*RECORDED INFORMATION*
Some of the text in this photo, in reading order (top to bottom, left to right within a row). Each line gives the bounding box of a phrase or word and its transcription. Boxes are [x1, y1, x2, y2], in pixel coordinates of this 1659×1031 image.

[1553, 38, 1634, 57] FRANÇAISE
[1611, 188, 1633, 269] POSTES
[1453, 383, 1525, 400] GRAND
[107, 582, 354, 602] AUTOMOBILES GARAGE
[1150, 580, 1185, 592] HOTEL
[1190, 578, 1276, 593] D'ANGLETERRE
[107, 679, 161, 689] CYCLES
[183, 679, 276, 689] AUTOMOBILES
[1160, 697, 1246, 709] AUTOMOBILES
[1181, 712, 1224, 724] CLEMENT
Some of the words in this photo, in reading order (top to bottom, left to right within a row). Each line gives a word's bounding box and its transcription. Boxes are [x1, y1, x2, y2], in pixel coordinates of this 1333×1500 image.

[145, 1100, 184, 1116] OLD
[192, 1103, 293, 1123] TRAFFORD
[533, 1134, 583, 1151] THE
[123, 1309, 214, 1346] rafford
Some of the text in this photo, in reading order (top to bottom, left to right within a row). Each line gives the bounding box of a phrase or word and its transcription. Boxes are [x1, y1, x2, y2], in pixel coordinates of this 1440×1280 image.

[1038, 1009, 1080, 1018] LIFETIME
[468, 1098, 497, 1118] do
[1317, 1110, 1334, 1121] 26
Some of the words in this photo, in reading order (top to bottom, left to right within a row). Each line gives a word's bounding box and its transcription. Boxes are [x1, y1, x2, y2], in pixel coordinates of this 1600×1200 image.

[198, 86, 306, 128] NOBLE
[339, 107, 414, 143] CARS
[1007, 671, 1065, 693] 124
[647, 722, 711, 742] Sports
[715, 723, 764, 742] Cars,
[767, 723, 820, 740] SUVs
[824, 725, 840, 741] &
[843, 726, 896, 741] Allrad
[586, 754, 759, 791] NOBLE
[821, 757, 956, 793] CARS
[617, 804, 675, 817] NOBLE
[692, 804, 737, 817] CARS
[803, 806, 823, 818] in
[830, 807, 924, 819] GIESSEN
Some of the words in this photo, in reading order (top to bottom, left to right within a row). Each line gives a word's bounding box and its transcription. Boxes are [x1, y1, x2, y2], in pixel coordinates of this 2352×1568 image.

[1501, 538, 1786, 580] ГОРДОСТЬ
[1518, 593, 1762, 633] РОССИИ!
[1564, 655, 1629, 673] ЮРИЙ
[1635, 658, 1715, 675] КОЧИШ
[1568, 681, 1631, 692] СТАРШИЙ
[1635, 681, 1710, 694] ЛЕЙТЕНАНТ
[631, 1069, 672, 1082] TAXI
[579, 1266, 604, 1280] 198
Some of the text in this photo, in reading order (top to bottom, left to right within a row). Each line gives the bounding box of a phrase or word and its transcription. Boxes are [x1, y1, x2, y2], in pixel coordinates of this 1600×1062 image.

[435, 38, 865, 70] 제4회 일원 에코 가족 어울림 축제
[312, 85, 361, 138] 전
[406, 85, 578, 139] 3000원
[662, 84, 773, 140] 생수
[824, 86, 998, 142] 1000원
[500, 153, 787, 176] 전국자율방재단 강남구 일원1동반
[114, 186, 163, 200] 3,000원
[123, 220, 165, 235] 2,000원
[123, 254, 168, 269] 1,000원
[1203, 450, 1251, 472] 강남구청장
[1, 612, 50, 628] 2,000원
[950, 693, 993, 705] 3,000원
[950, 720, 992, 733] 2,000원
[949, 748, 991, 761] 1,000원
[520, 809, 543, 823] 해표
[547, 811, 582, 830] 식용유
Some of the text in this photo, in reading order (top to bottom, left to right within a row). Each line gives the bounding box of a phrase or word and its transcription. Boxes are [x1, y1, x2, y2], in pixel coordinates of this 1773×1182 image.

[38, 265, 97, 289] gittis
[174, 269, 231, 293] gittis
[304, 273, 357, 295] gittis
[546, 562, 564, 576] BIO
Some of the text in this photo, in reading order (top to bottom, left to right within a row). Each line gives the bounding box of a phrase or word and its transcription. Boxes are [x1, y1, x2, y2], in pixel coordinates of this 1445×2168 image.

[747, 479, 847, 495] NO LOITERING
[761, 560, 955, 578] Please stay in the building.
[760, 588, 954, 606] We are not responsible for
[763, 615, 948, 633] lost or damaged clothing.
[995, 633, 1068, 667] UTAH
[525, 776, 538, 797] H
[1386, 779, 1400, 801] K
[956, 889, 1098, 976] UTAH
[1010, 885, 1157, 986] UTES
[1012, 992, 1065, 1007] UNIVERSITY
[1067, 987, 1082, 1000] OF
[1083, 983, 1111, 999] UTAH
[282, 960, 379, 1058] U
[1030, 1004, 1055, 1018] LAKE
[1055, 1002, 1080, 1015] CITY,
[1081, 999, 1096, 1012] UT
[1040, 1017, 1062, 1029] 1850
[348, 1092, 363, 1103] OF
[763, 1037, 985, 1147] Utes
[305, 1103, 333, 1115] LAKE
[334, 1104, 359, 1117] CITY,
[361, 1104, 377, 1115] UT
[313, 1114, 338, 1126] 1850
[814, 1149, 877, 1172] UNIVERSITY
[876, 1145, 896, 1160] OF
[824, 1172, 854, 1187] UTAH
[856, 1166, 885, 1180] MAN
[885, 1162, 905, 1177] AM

*ACTION ITEM*
Output the entries above in their entirety, exactly as written.

*RESULT FOR THIS TASK*
Some of the text in this photo, in reading order (top to bottom, left to right within a row). Each line gives the bounding box of a phrase or word and its transcription. Boxes are [x1, y1, x2, y2], in pixel coordinates of this 1659×1031 image.

[1553, 38, 1634, 57] FRANÇAISE
[1611, 188, 1633, 269] POSTES
[1453, 383, 1525, 400] GRAND
[107, 582, 354, 602] AUTOMOBILES GARAGE
[1150, 580, 1185, 592] HOTEL
[1190, 578, 1276, 593] D'ANGLETERRE
[107, 679, 161, 689] CYCLES
[183, 679, 276, 689] AUTOMOBILES
[1160, 697, 1246, 709] AUTOMOBILES
[1181, 712, 1224, 724] CLEMENT
Some of the words in this photo, in reading order (top to bottom, left to right within a row). Each line gives a word's bounding box and its transcription. Boxes are [x1, y1, x2, y2], in pixel coordinates of this 1333×1500 image.

[145, 1100, 184, 1116] OLD
[192, 1103, 293, 1123] TRAFFORD
[533, 1134, 583, 1151] THE
[123, 1309, 214, 1346] rafford
Some of the text in this photo, in reading order (top to bottom, left to right within a row). Each line gives the bounding box of a phrase or word and its transcription. Boxes are [x1, y1, x2, y2], in pixel coordinates of this 1440×1280 image.

[1038, 1009, 1080, 1018] LIFETIME
[468, 1098, 497, 1118] do
[1317, 1110, 1334, 1121] 26
Some of the words in this photo, in reading order (top to bottom, left to right within a row). Each line gives a word's bounding box and its transcription. Boxes are [x1, y1, x2, y2], in pixel coordinates of this 1600×1200 image.

[198, 86, 306, 128] NOBLE
[339, 107, 414, 143] CARS
[1007, 671, 1065, 693] 124
[647, 722, 711, 742] Sports
[715, 723, 764, 742] Cars,
[767, 723, 820, 740] SUVs
[824, 725, 840, 741] &
[843, 726, 896, 741] Allrad
[586, 754, 759, 791] NOBLE
[821, 757, 956, 793] CARS
[617, 804, 675, 817] NOBLE
[692, 804, 737, 817] CARS
[803, 806, 823, 818] in
[830, 807, 924, 819] GIESSEN
Some of the words in this photo, in reading order (top to bottom, left to right within a row). Each line gives a word's bounding box and its transcription. Boxes are [x1, y1, x2, y2], in pixel coordinates of this 2352×1568 image.

[1501, 538, 1786, 580] ГОРДОСТЬ
[1518, 593, 1762, 633] РОССИИ!
[1564, 655, 1629, 673] ЮРИЙ
[1635, 658, 1715, 675] КОЧИШ
[1568, 681, 1631, 692] СТАРШИЙ
[1635, 681, 1710, 694] ЛЕЙТЕНАНТ
[631, 1069, 672, 1082] TAXI
[579, 1266, 604, 1280] 198
Some of the text in this photo, in reading order (top to bottom, left to right within a row). Each line gives the bounding box of a phrase or word and its transcription. Boxes are [x1, y1, x2, y2], in pixel coordinates of this 1600×1062 image.

[435, 38, 865, 70] 제4회 일원 에코 가족 어울림 축제
[312, 85, 361, 138] 전
[406, 85, 578, 139] 3000원
[662, 84, 773, 140] 생수
[824, 86, 998, 142] 1000원
[500, 153, 787, 176] 전국자율방재단 강남구 일원1동반
[114, 186, 163, 200] 3,000원
[123, 220, 165, 235] 2,000원
[123, 254, 168, 269] 1,000원
[1203, 450, 1251, 472] 강남구청장
[1, 612, 50, 628] 2,000원
[950, 693, 993, 705] 3,000원
[950, 720, 992, 733] 2,000원
[949, 748, 991, 761] 1,000원
[520, 809, 543, 823] 해표
[547, 811, 582, 830] 식용유
Some of the text in this photo, in reading order (top to bottom, left to right within a row). Each line gives the bounding box of a phrase or word and its transcription. Boxes are [x1, y1, x2, y2], in pixel coordinates of this 1773×1182 image.

[38, 265, 97, 289] gittis
[174, 269, 231, 293] gittis
[304, 273, 357, 295] gittis
[546, 562, 564, 576] BIO
Some of the text in this photo, in reading order (top to bottom, left to right within a row). Each line gives the bounding box of a phrase or word and its transcription. Boxes are [x1, y1, x2, y2], in pixel coordinates of this 1445×2168 image.

[747, 479, 847, 495] NO LOITERING
[761, 560, 955, 578] Please stay in the building.
[760, 588, 954, 606] We are not responsible for
[763, 615, 948, 633] lost or damaged clothing.
[995, 633, 1068, 667] UTAH
[525, 776, 538, 797] H
[1386, 779, 1400, 801] K
[956, 889, 1098, 976] UTAH
[1010, 885, 1157, 986] UTES
[1012, 992, 1065, 1007] UNIVERSITY
[1067, 987, 1082, 1000] OF
[1083, 983, 1111, 999] UTAH
[282, 960, 379, 1058] U
[1030, 1004, 1055, 1018] LAKE
[1055, 1002, 1080, 1015] CITY,
[1081, 999, 1096, 1012] UT
[1040, 1017, 1062, 1029] 1850
[348, 1092, 363, 1103] OF
[763, 1037, 985, 1147] Utes
[305, 1103, 333, 1115] LAKE
[334, 1104, 359, 1117] CITY,
[361, 1104, 377, 1115] UT
[313, 1114, 338, 1126] 1850
[814, 1149, 877, 1172] UNIVERSITY
[876, 1145, 896, 1160] OF
[824, 1172, 854, 1187] UTAH
[856, 1166, 885, 1180] MAN
[885, 1162, 905, 1177] AM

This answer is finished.